Last night was a blur. I remembered being at the club. There were women. Two of them, maybe. We were doing shots. Too many shots. Then we were hooking up in the toilets.

Then I was freaking out. I remembered that part. Because we were in the toilet. And that’s where I had first met Morgan. Not in that particular toilet, justatoilet.

They got angry and left and I was pretty sure I had sobbed like a bitch until I was able to make my way out of the club.

I must have gotten a cab home. I didn’t remember that part.

“You’re depressed. Maybe you should talk to someone,” Anna suggested outside the bathroom.

“I’m not depressed. I’m doing great. Why wouldn’t I be?” I asked. I looked at my reflection in the mirror. I was in a right state. I hadn’t shaved in god knows how long. My hair had started to grow out and stuck out all over my head. I was a fucking mess.

I flushed the toilet and slowly made my way back to my bedroom. Anna was picking up clothes off the floor. She held out a T-shirt I was pretty sure I had puked on last night. “This is disgusting. You need to clean yourself up and get to the damn stadium.”

Blah. Blah. Blah.

I collapsed back on the bed, my head pounding. I was hungover. And my heart hurt. I knew what she was saying was reasonable.

But I didn’t want reasonable.

But I didn’t want to do anything but lie in bed and drink the past six weeks away.

Six weeks.

That’s all it took for my life to collapse.

“If you miss her so much, call her. Stop being such a whiny minge.”

“Shut up, will you?” I groaned.

“I know you said you ended things because she wasn’t coming back, that she had to stay in the states with her mother. But why? Couldn’t you make a long distance thing work? I thought you loved her. You were happy.”

“We were happy, goddamn it!

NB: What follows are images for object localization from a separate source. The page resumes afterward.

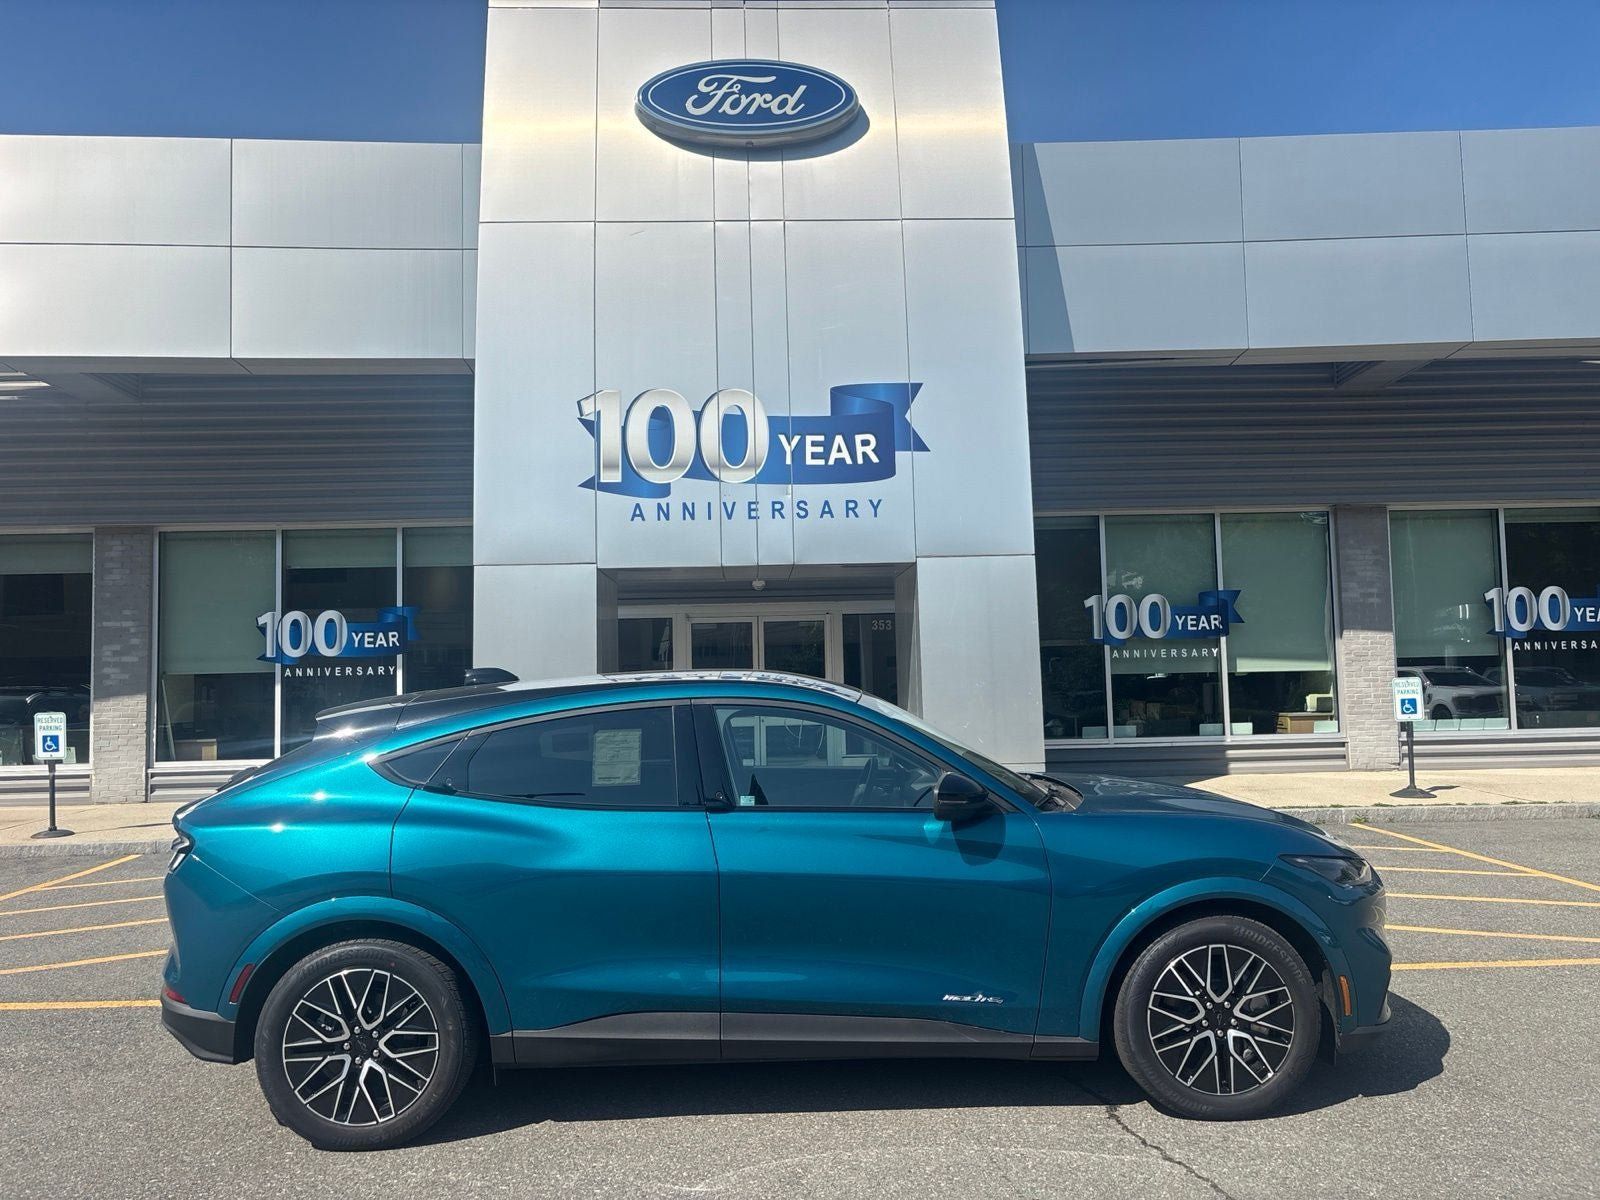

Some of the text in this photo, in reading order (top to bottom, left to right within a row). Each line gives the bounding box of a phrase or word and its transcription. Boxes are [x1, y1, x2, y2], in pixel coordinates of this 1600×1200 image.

[685, 74, 807, 116] Ford
[577, 388, 880, 484] 100 YEAR
[630, 498, 883, 522] ANNIVERSARY
[871, 619, 892, 631] 353
[1083, 593, 1223, 640] 100 YEAR
[1484, 585, 1600, 632] 100 YE
[256, 609, 400, 658] 100 YEAR
[1112, 647, 1219, 659] ANNIVERSARY
[284, 665, 397, 678] ANNIVERSARY

Now mind your own fucking business!” I shouted.

“Snap out of it, brother, you’re being a bloody drama queen—”

“She left. She’s not coming back. She left me,” I mumbled.

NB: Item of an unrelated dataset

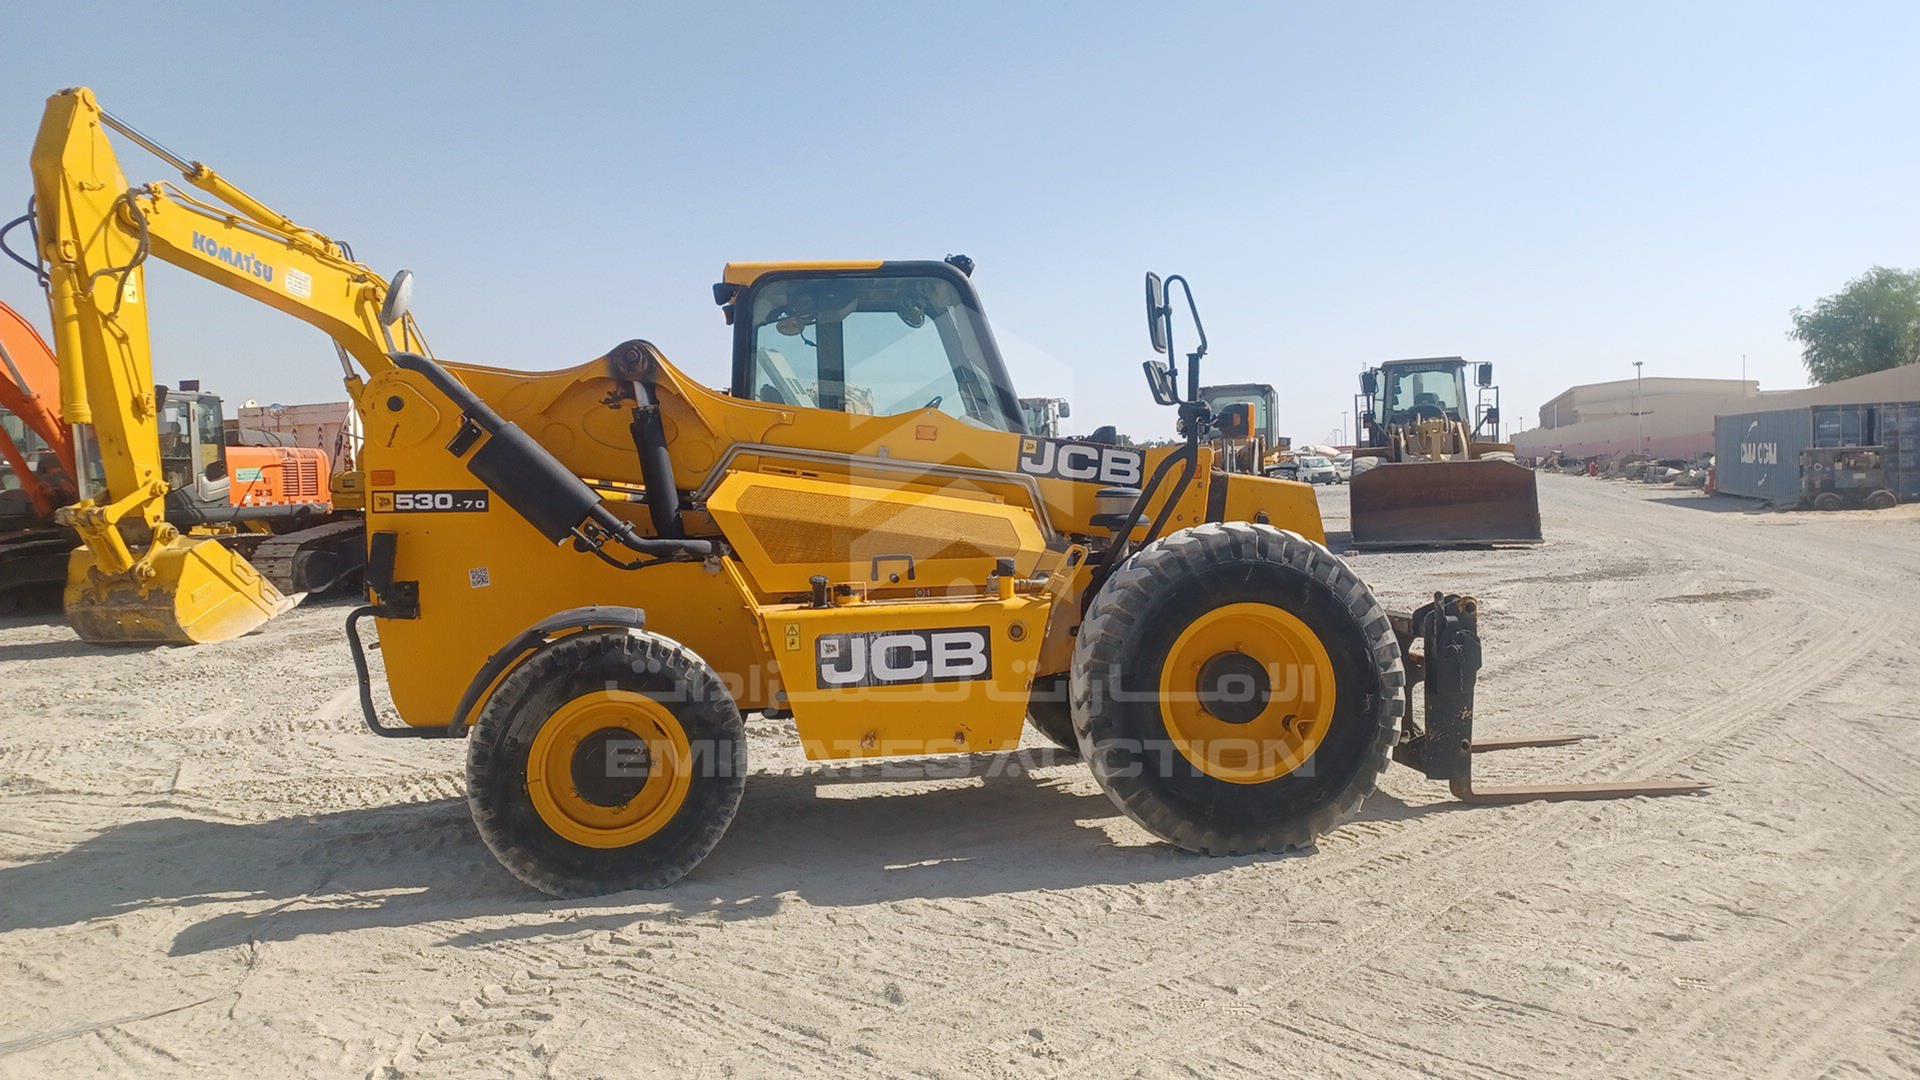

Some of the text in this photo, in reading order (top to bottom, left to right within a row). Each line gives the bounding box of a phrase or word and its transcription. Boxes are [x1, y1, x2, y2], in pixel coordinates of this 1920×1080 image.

Anna threw the vomit covered shirt at my face. “You’re an arsehole, Lucas Bradley. She had to stay to take care of her mother and you’re over here whining that she left you. I know you have some serious abandonment issues because of Dad—”

“Don’t you dare bring him into this. It has nothing to do with that wank stain.”

Anna rolled her eyes. “You’re being a child. About Morgan. About football. About everything. Grow the hell up and be a man already. No one has patience for this woe’ is me bollocks.”

She lifted up my overflowing hamper of dirty clothes. “I’m doing your laundry just this once because I can smell them from the hallway. But you need to get your act together. And fast.” She left the room in a huff, slamming the door behind her.

I looked at the time. I should have been at the stadium an hour ago.